**DIRECTIONS FOR THIS TASK**
Write out every line below again exactly as it stands, skipping each image.
─── EXERCISE DATA ───
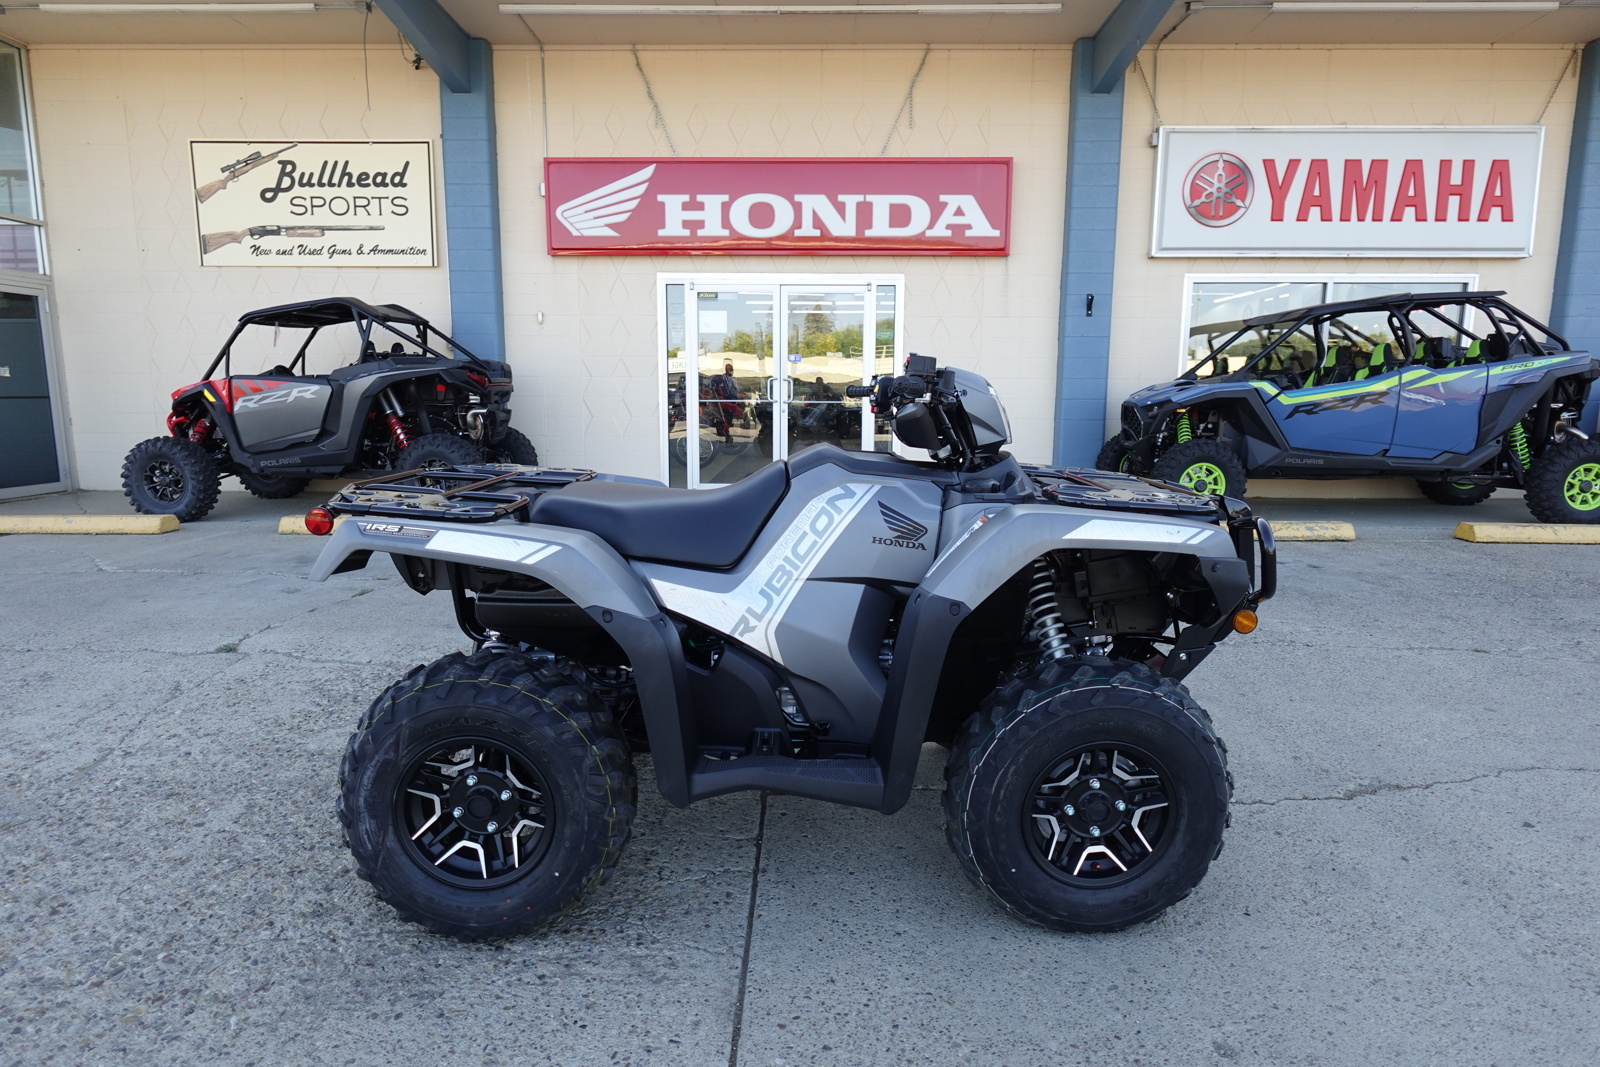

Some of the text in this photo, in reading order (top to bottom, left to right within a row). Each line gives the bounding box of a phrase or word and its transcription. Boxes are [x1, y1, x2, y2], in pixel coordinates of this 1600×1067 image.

[260, 160, 410, 203] Bullhead
[1262, 159, 1514, 222] YAMAHA
[290, 196, 409, 216] SPORTS
[657, 193, 1000, 238] HONDA
[249, 244, 428, 259] New and Used Guns & Ammunition
[1501, 362, 1535, 371] PRO
[233, 385, 321, 412] RZR
[1283, 391, 1391, 421] RZR
[260, 458, 301, 467] POLARIS
[366, 523, 401, 532] IRS
[871, 536, 927, 551] HONDA
[727, 483, 858, 639] RUBICON
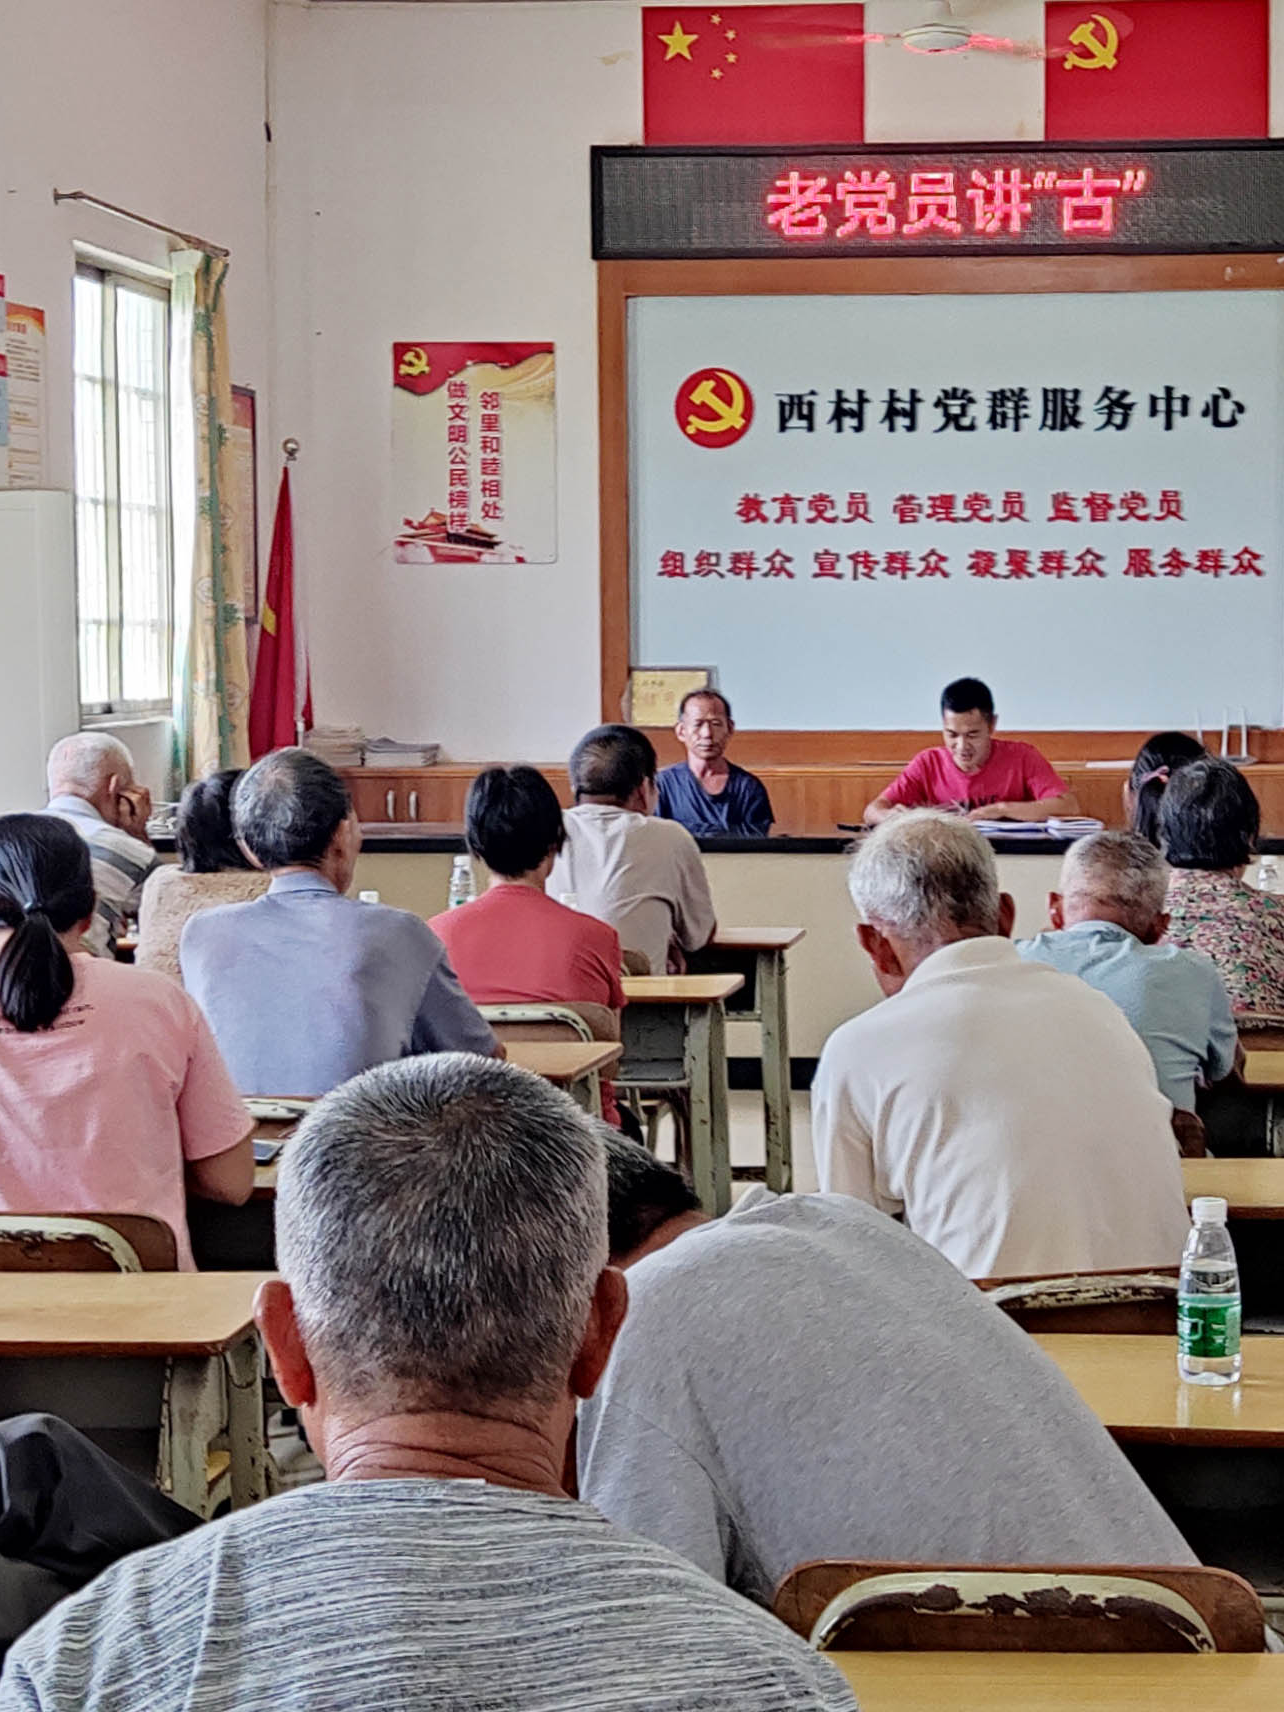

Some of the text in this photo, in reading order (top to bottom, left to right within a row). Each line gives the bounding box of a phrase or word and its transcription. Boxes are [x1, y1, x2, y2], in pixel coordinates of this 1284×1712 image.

[776, 385, 1247, 434] 西村村党群服务中心
[447, 381, 469, 532] 做文明公民榜样
[480, 391, 502, 520] 邻里和睦相处
[735, 490, 1187, 524] 教育党员 管理党员 监督党员
[658, 546, 1266, 579] 组织群众 宣传群众 凝聚群众 服务群众
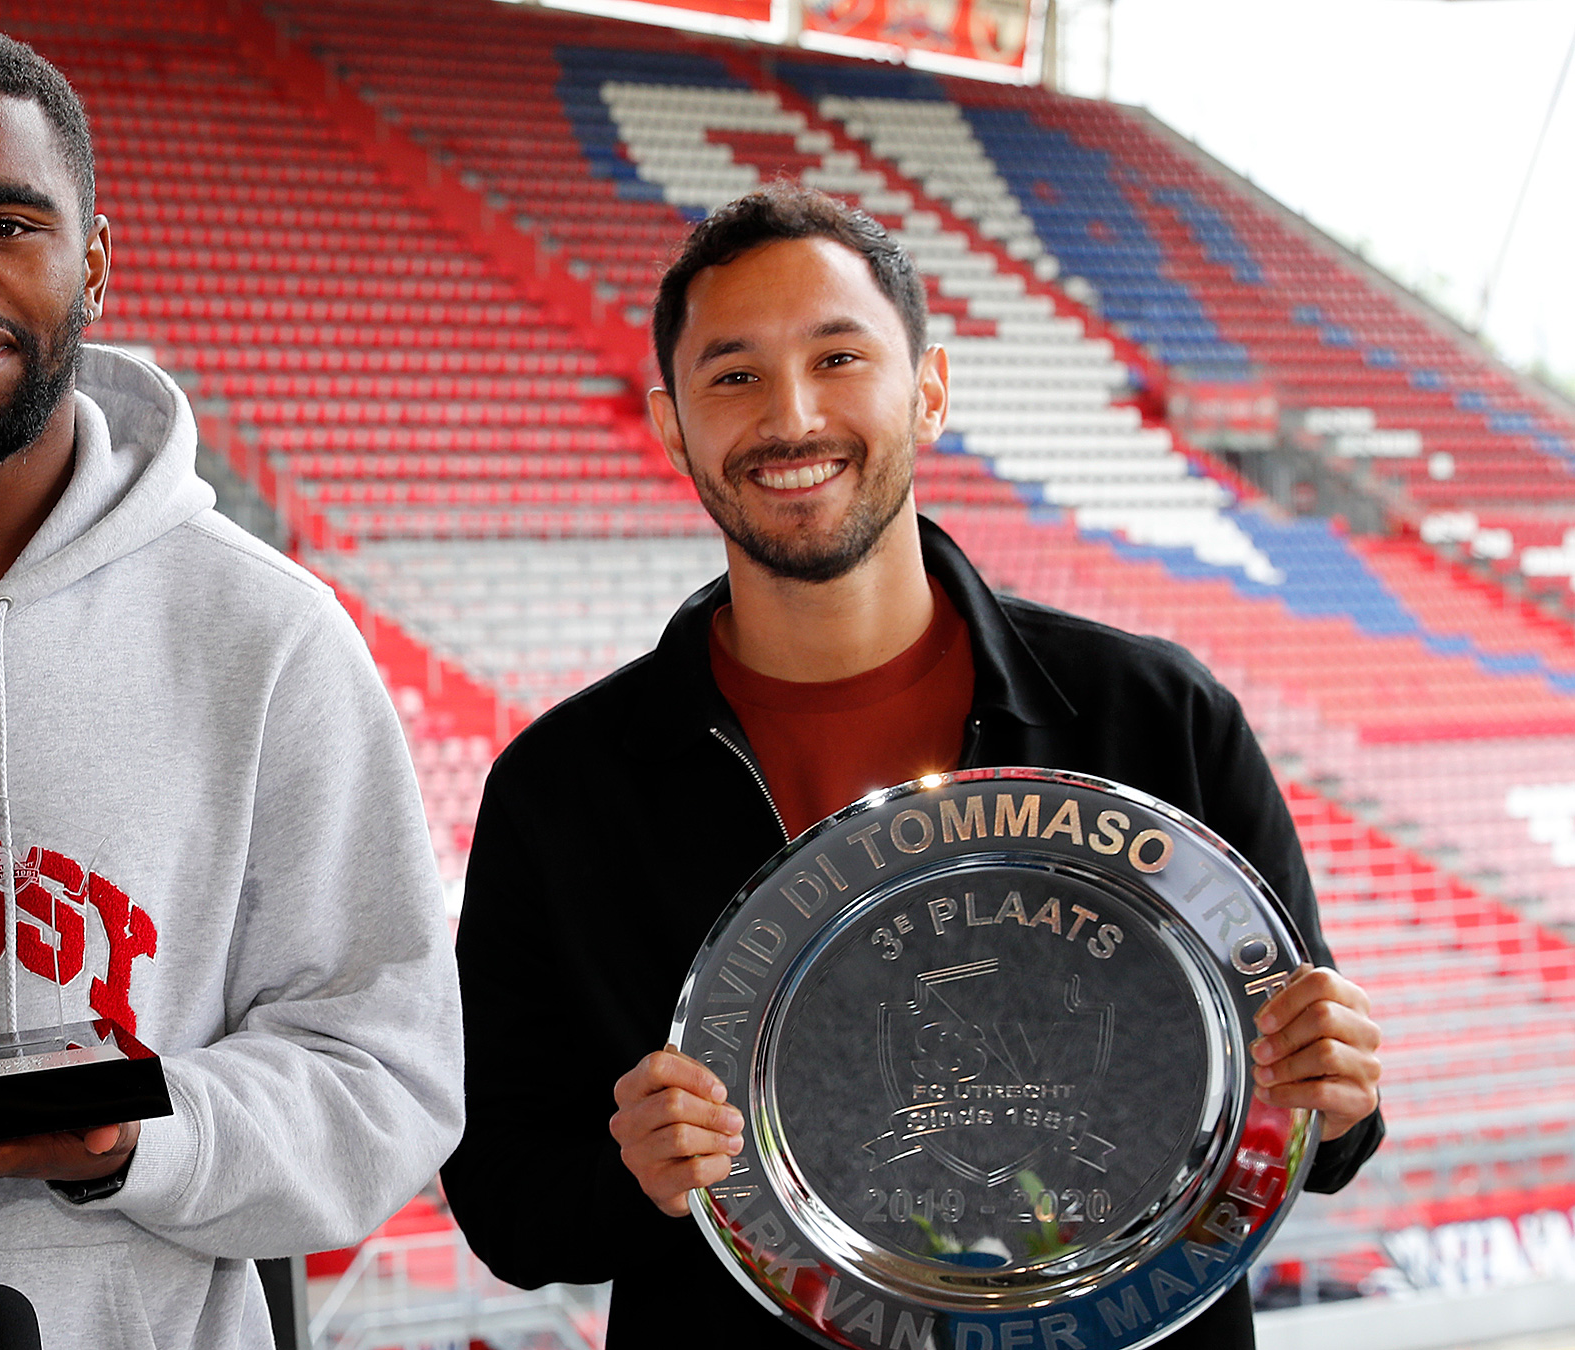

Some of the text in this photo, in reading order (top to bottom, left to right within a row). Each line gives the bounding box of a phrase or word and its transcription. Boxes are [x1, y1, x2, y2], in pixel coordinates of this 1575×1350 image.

[779, 853, 849, 919] DI
[846, 793, 1175, 874] TOMMASO
[926, 890, 1124, 959] PLAATS
[912, 1083, 1075, 1100] FC UTRECHT
[1005, 1106, 1075, 1134] 1981
[862, 1187, 966, 1224] 2019
[1007, 1187, 1112, 1224] 2020
[711, 1156, 821, 1290] ARK
[821, 1275, 937, 1350] VAN
[1095, 1147, 1290, 1338] MAAREL
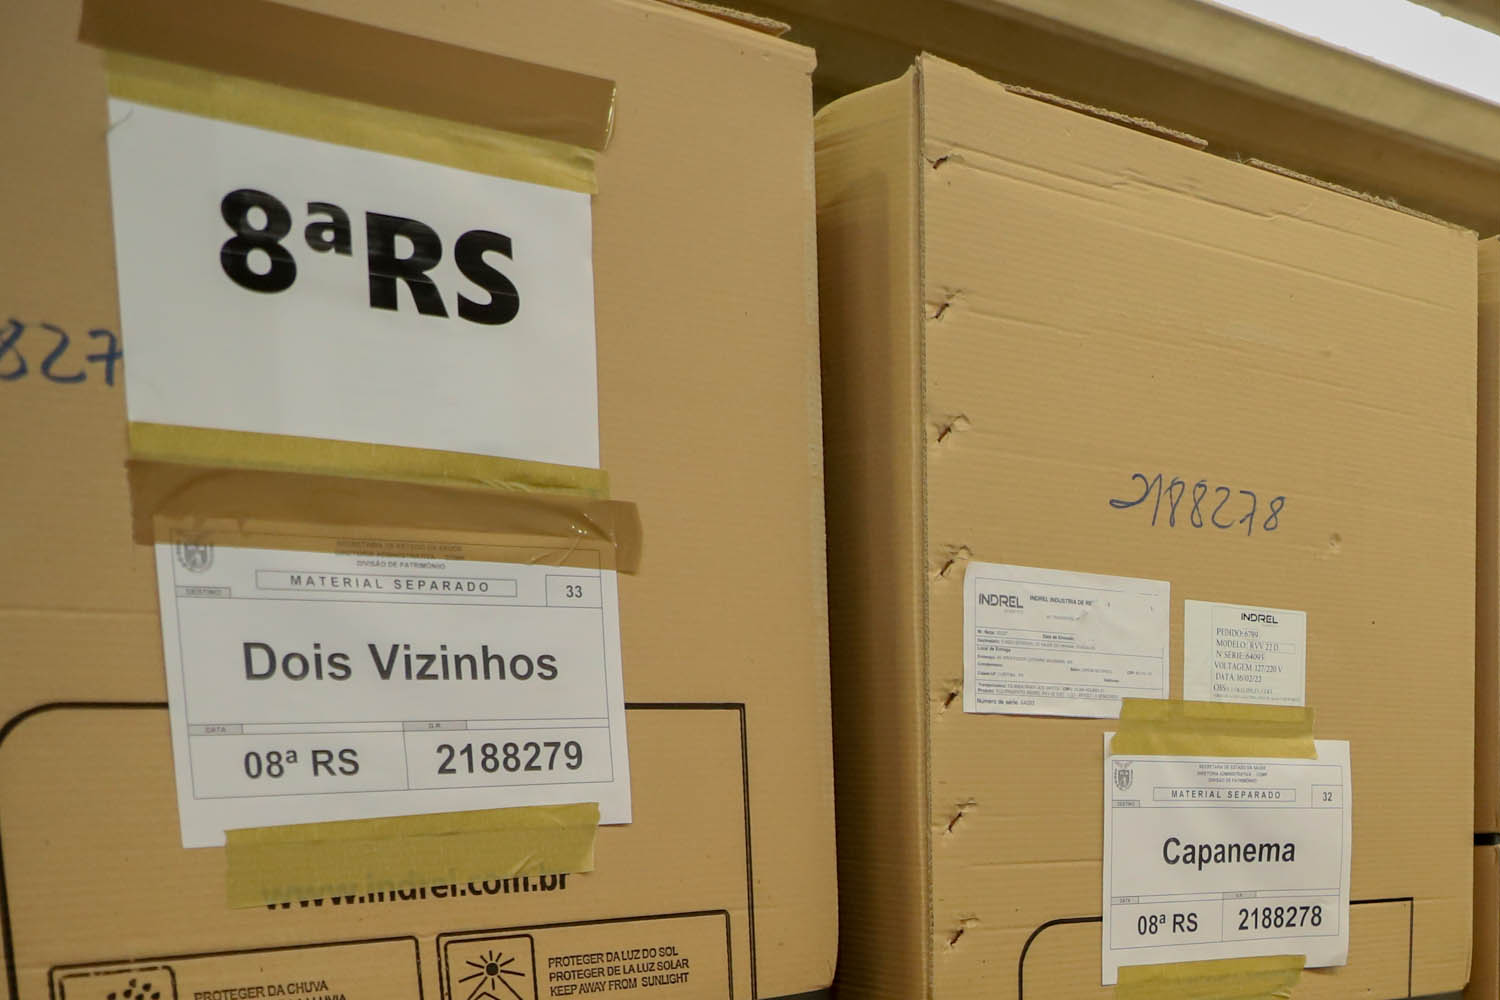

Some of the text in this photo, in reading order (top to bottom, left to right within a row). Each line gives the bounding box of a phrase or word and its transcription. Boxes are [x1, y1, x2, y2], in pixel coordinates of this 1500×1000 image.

[290, 574, 490, 594] MATERIAL SEPARADO
[565, 584, 583, 599] 33
[979, 593, 1023, 608] INDREL
[1241, 613, 1278, 624] INDREL
[242, 640, 559, 682] Dois Vizinhos
[311, 747, 361, 777] RS
[436, 739, 584, 776] 2188279
[1171, 789, 1281, 800] MATERIAL SEPARADO
[1322, 791, 1333, 802] 32
[1162, 837, 1296, 871] Capanema
[1172, 912, 1198, 933] RS
[1238, 905, 1322, 931] 2188278
[548, 946, 678, 968] PROTEGER DA LUZ DO SOL
[549, 959, 689, 982] PROTEGER DE LA LUZ SOLAR
[268, 984, 285, 997] DA
[287, 980, 329, 994] CHUVA
[550, 972, 689, 997] KEEP AWAY FROM SUNLIGHT
───
**RESULT OF THIS TASK**
Some of the text in this photo, in reading order (top to bottom, left to right within a row). Each line gives the bounding box of a phrase or word and its transcription. Boxes are [x1, y1, x2, y2], in pixel coordinates of this 1600×1067 image.

[260, 160, 410, 203] Bullhead
[1262, 159, 1514, 222] YAMAHA
[290, 196, 409, 216] SPORTS
[657, 193, 1000, 238] HONDA
[249, 244, 428, 259] New and Used Guns & Ammunition
[1501, 362, 1535, 371] PRO
[233, 385, 321, 412] RZR
[1283, 391, 1391, 421] RZR
[260, 458, 301, 467] POLARIS
[366, 523, 401, 532] IRS
[871, 536, 927, 551] HONDA
[727, 483, 858, 639] RUBICON

Some of the text in this photo, in reading order (top to bottom, left to right within a row). Each line gives the bounding box of a phrase or word and its transcription. Boxes are [x1, y1, x2, y2], in pixel coordinates of this 1284×1712 image.

[776, 385, 1247, 434] 西村村党群服务中心
[447, 381, 469, 532] 做文明公民榜样
[480, 391, 502, 520] 邻里和睦相处
[735, 490, 1187, 524] 教育党员 管理党员 监督党员
[658, 546, 1266, 579] 组织群众 宣传群众 凝聚群众 服务群众

Some of the text in this photo, in reading order (top to bottom, left to right within a row). Each line gives the bounding box of a phrase or word and its transcription. Boxes are [x1, y1, x2, y2], in pixel coordinates of this 1575×1350 image.

[779, 853, 849, 919] DI
[846, 793, 1175, 874] TOMMASO
[926, 890, 1124, 959] PLAATS
[912, 1083, 1075, 1100] FC UTRECHT
[1005, 1106, 1075, 1134] 1981
[862, 1187, 966, 1224] 2019
[1007, 1187, 1112, 1224] 2020
[711, 1156, 821, 1290] ARK
[821, 1275, 937, 1350] VAN
[1095, 1147, 1290, 1338] MAAREL

Some of the text in this photo, in reading order (top to bottom, left to right within a row). Each line gives the bounding box of a phrase or word and its transcription. Boxes are [x1, y1, x2, y2], in pixel coordinates of this 1500×1000 image.

[290, 574, 490, 594] MATERIAL SEPARADO
[565, 584, 583, 599] 33
[979, 593, 1023, 608] INDREL
[1241, 613, 1278, 624] INDREL
[242, 640, 559, 682] Dois Vizinhos
[311, 747, 361, 777] RS
[436, 739, 584, 776] 2188279
[1171, 789, 1281, 800] MATERIAL SEPARADO
[1322, 791, 1333, 802] 32
[1162, 837, 1296, 871] Capanema
[1172, 912, 1198, 933] RS
[1238, 905, 1322, 931] 2188278
[548, 946, 678, 968] PROTEGER DA LUZ DO SOL
[549, 959, 689, 982] PROTEGER DE LA LUZ SOLAR
[268, 984, 285, 997] DA
[287, 980, 329, 994] CHUVA
[550, 972, 689, 997] KEEP AWAY FROM SUNLIGHT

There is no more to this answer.